What is Thrush In Horses?
We all know someone who has smelly feet – whether it be from poor hygiene or just bad luck, it’s not enjoyable for anyone involved. However, if you’re smelling something that reminds you of rotting dairy around your horse’s hoof, you should probably take a closer look. Thrush in horses may be the culprit – lets learn more about it.
Thrush is a painful, non-contagious bacterial infection that infects your horse’s hoof. Bacteria, fungi, and microbes can get into the frog (soft tissue area between the heel and walls of hoof) and cause an infection. The bacteria will ferment in the frog, and make it deteriorate over time.
The result of the infection is a thick, black discharge from the frog smelling similar to rotten dairy. Gross, right? Thrush in horses can be extremely painful, and even cause lameness if left untreated. Some horses are more likely to get infected than others.
How To Prevent Thrush In Horses
Although thrush may seem intimidating and dangerous, preventing it can be as easy as keeping your stall clean. Dark, wet conditions are perfect for thrush-causing bacteria to grow, so avoiding these conditions will help reduce the risk. Manure, wet hay, dirt, and other organic materials are straightforward ways for bacteria to find their way to your horse’s frog and start causing trouble, for example.
Keep Stalls Clean
To minimize the risk of infection, keeping the stalls clean is crucial. This way, your horse will be less likely to have these materials caked up on their hooves.
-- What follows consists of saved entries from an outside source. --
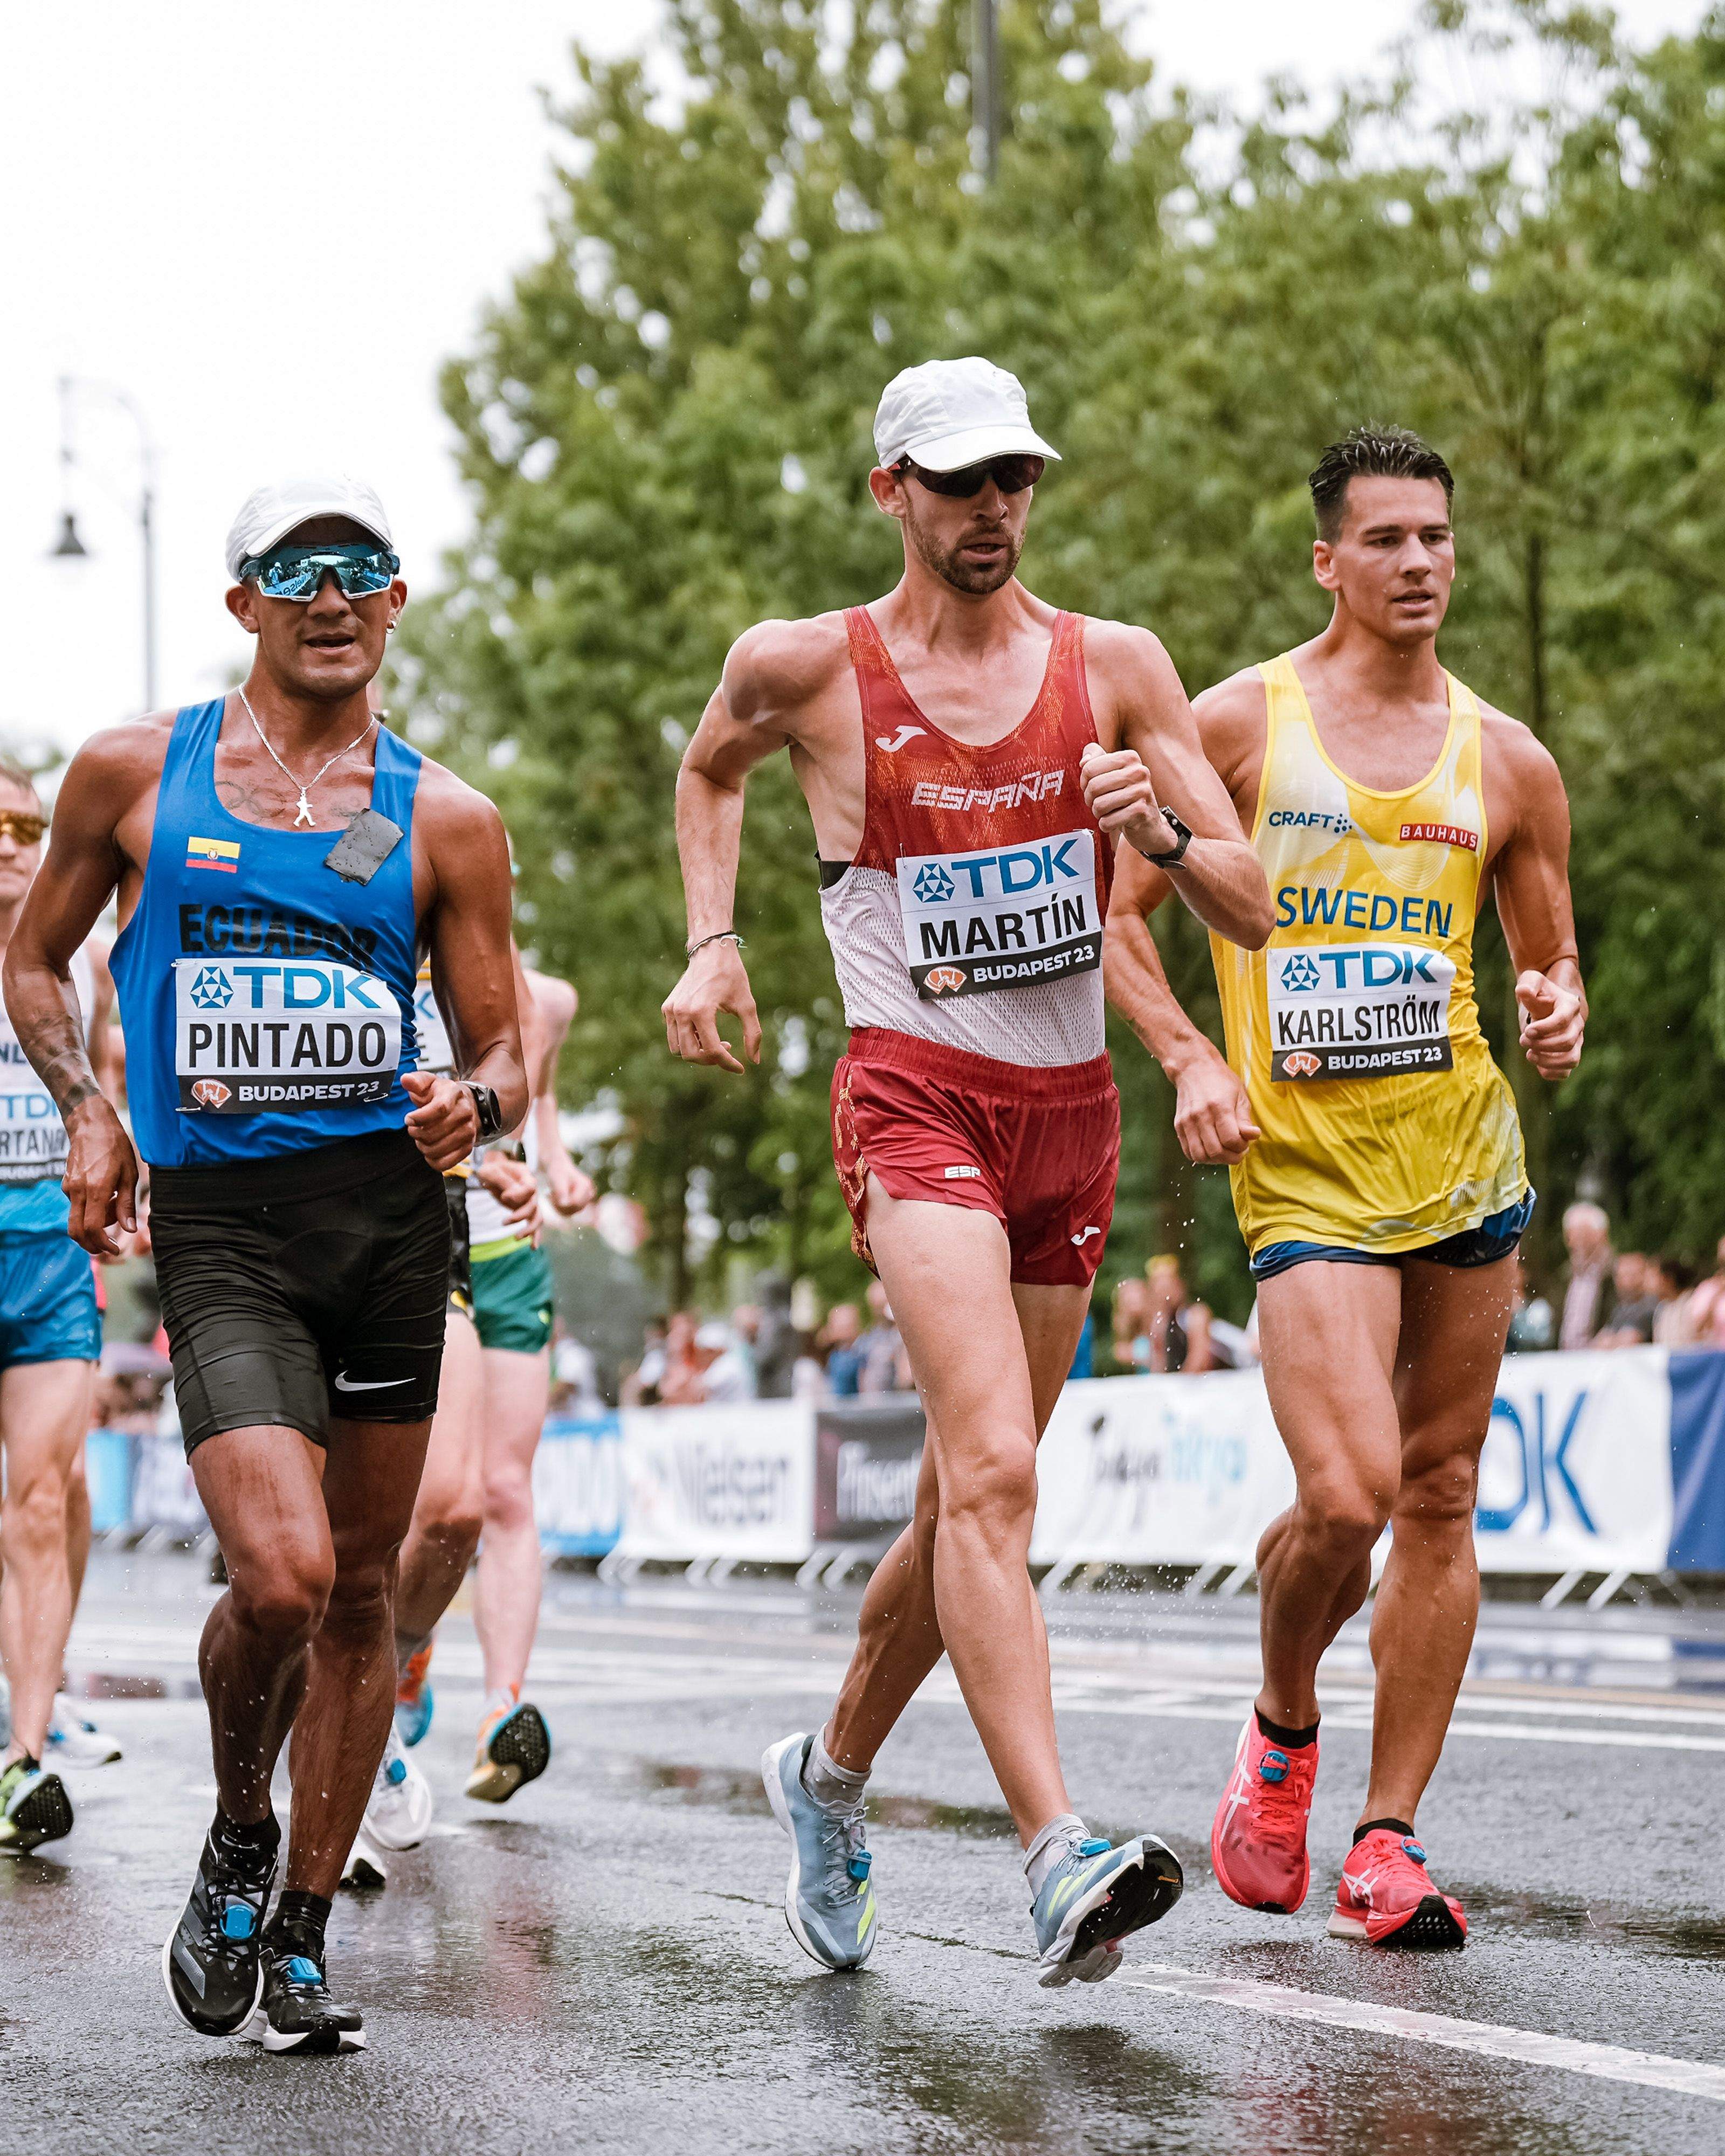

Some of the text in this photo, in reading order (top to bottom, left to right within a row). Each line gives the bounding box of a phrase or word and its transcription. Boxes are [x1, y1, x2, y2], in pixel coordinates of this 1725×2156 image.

[911, 769, 1065, 812] ESPAÑA
[1268, 811, 1334, 828] CRAFT
[1400, 824, 1478, 848] BAUHAUS
[951, 838, 1080, 899] TDK
[920, 892, 1087, 959] MARTÍN
[1275, 886, 1453, 938] SWEDEN
[179, 904, 377, 972] ECUADOR
[973, 944, 1094, 983] BUDAPEST 23
[1319, 950, 1438, 989] TDK
[233, 966, 382, 1009] TDK
[1278, 994, 1441, 1046] KARLSTRÖM
[189, 1022, 387, 1068] PINTADO
[1328, 1047, 1443, 1070] BUDAPEST 23
[239, 1081, 380, 1102] BUDAPEST 23
There are many other benefits to regular stall cleaning, too.
Clean Hooves Daily
One of the most straightforward ways to prevent thrush in horses is to clear their hooves of manure, dirt, hay, and other organic matter. If you keep this up every day, it’s much less likely that you’ll see an infection. Another benefit is that if your horse does get an infection, you’ll be able to catch it early on. Use this time to build trust with your horse while keeping them safe with proper hoof care.
Hoof It, Baby!
Exercise is a great way to prevent thrush in horses while staying healthy. Movement encourages the frog to naturally flush and clean itself out, and your horse will feel better overall. Just make sure that you don’t let the hooves get too dirty in the first place.
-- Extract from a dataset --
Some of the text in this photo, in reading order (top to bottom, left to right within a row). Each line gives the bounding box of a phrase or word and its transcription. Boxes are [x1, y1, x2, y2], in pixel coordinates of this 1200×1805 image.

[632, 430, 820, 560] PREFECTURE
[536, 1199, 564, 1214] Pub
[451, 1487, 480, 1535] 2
How to Treat Thrush In Horses
The sooner you realize your horse has thrush, the better. If it’s early in the infection stages, a topical ointment is key for treating and fighting further infection. If the infection looks bad or if you’re not sure what stage it’s in, you should call your trusted horse health care professional for an evaluation and further instruction.
A farrier can also treat the thrush. They might treat it like an unclean wound – trimming away the dead tissue on the frog and cleaning it. Trimming the frog to be on the same level as the heel and hoof will promote healthy growth in the future, too.